Predilecto quedó sobrecogido por estas palabras. Había participado en justas, había acompañado a su padre en ligeras escaramuzas contra las revueltas del Norte, pero jamás había librado una verdadera batalla. Y aunque había oído algunas historias en las que estas batallas se describían, donde los reyes que en ellas habían triunfado, y los que habían perdido, eran, al parecer, extraordinariamente nobles, atinó a pensar que su hermano Gudú era un ser complejo y extraño; pues si bien había tenido sospechas, y más tarde crecientes certezas, de que no se movía ni un solo cabello de su persona a impulsos de compasivo o afectuoso sentimiento, aquello no se le había presentado jamás con tal claridad.

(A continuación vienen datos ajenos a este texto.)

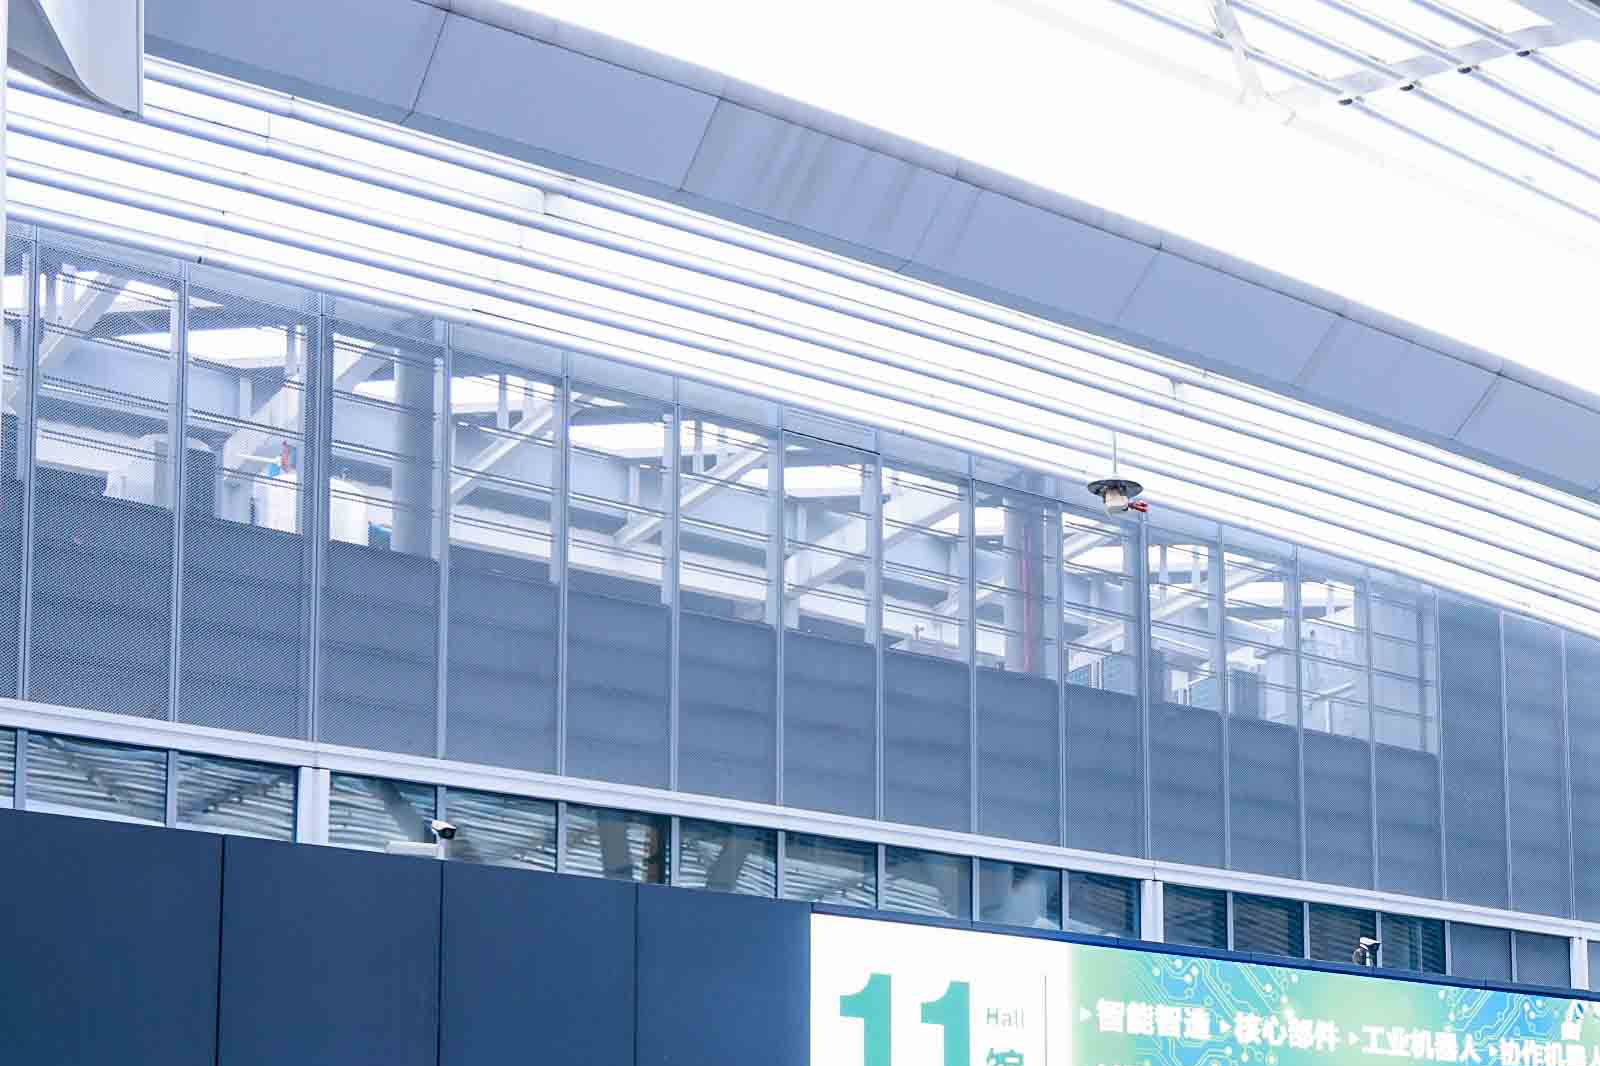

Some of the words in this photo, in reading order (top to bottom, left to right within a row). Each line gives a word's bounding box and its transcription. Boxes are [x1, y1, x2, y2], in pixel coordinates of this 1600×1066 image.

[986, 1007, 1025, 1028] Hall
[1235, 1012, 1339, 1051] 核心部件
[1362, 1024, 1481, 1063] 工业机器人
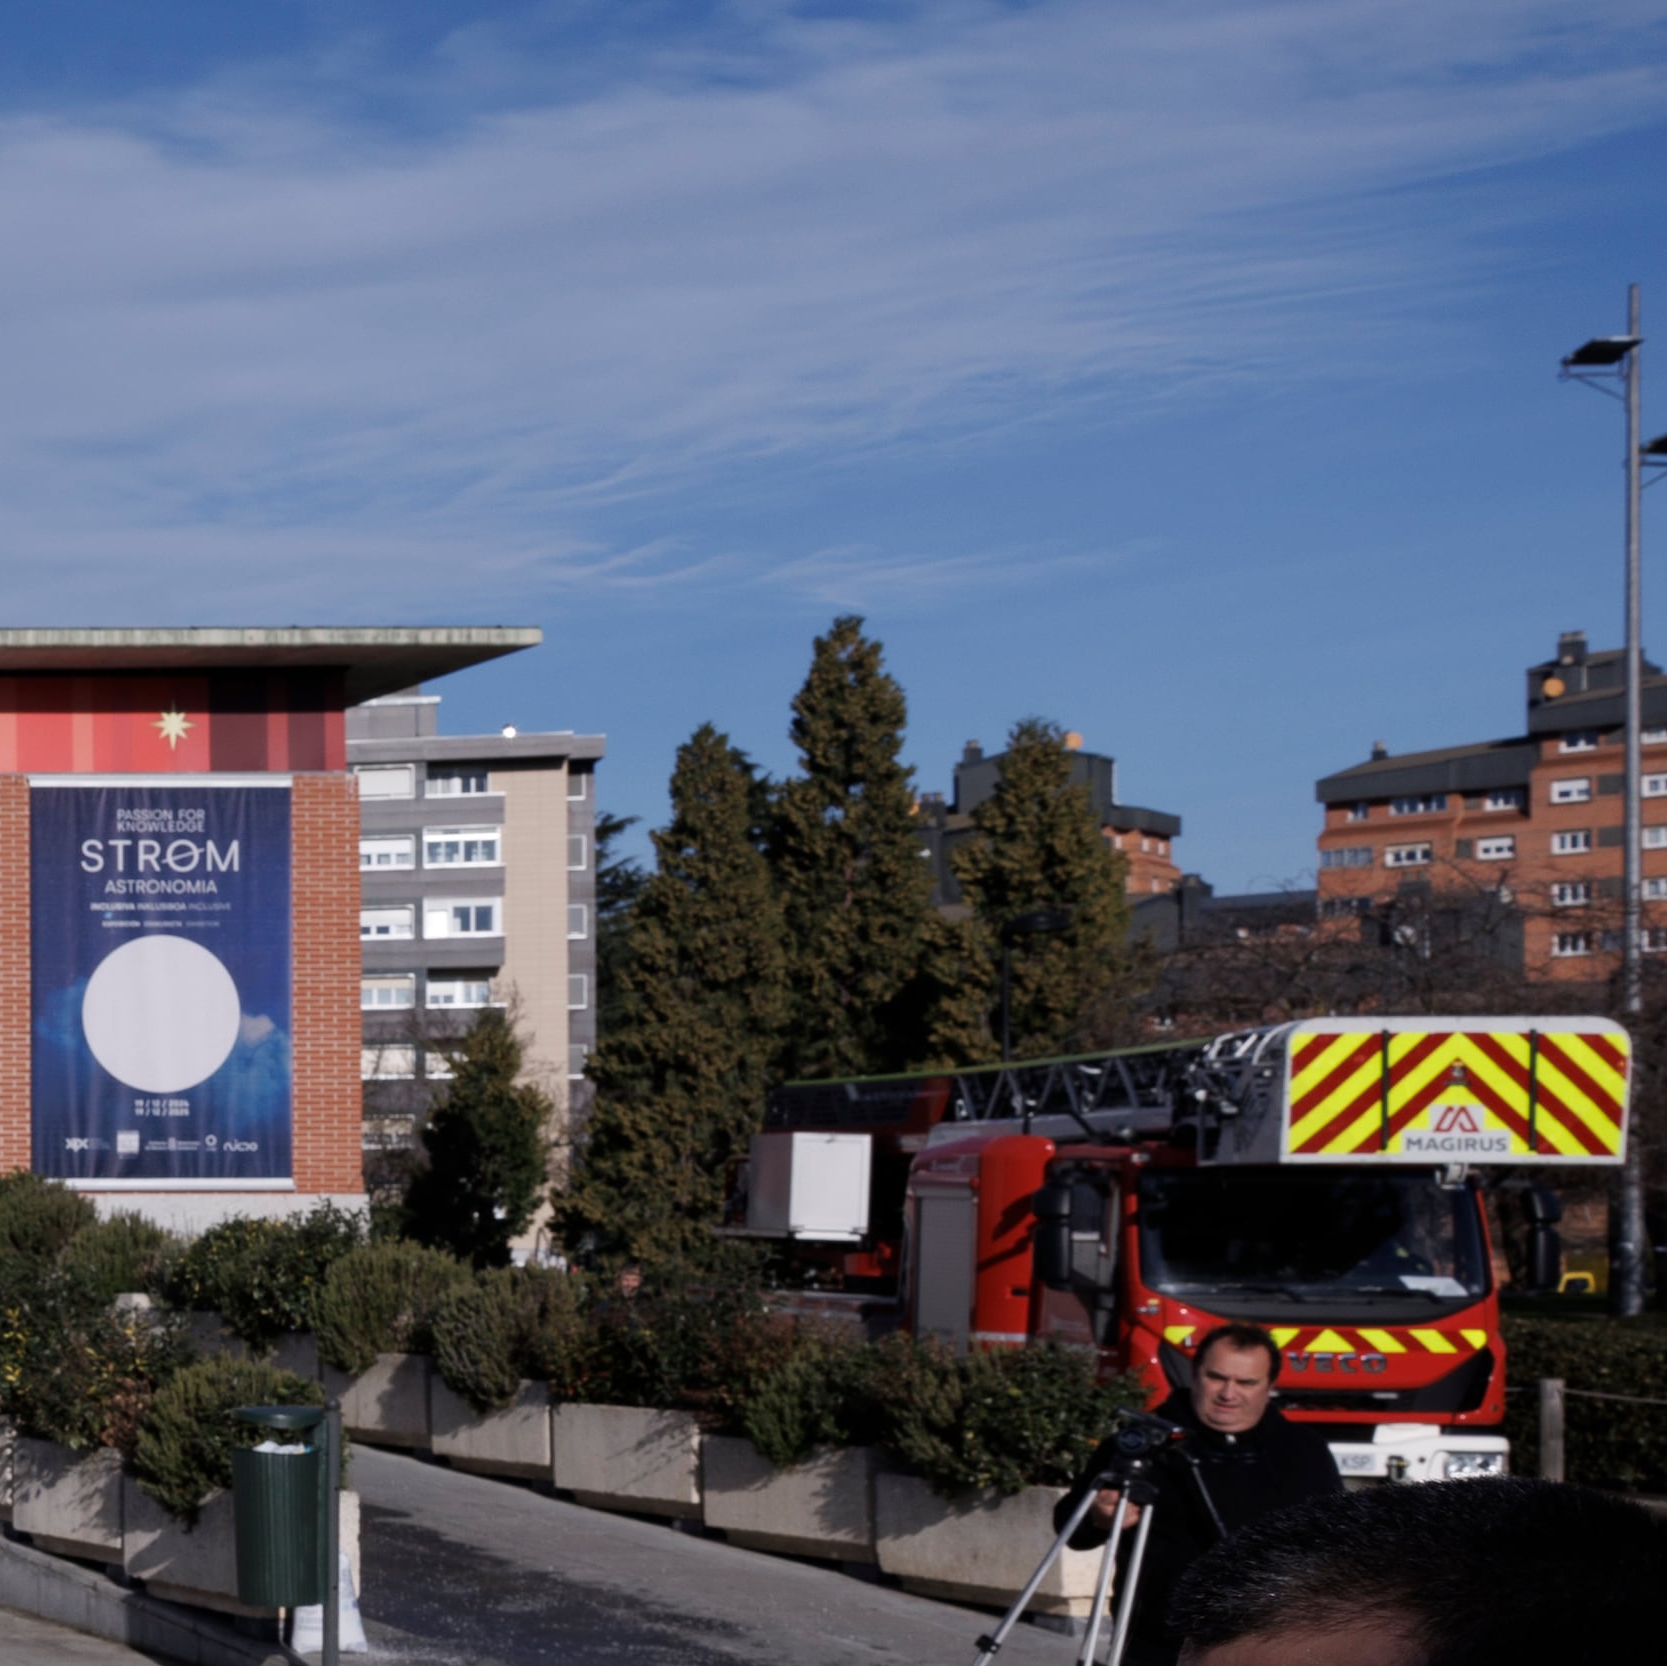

Aunque íntimamente se había dicho en más de una ocasión que la muerte y la sangre le desagradaban, que la crueldad le repelía, había sido educado de forma que tales sentimientos debían mantenerse ocultos, como síntomas de debilidad. Íntimamente no se avergonzaba de ellos, pero jamás hubiera osado manifestarlos en público. Él había crecido creyendo -o desatendiendo examinar profundamente esta aceptación, más que creencia- que la guerra, tan asidua y pertinazmente cultivada por su padre, era noble en sí misma, y no exenta de heroísmo y gestos generosos. Por todo lo cual, la desapasionada reflexión de Gudú le sumió aún más en el cada vez mayor número de confusiones que, día a día, se iban adueñando de su persona.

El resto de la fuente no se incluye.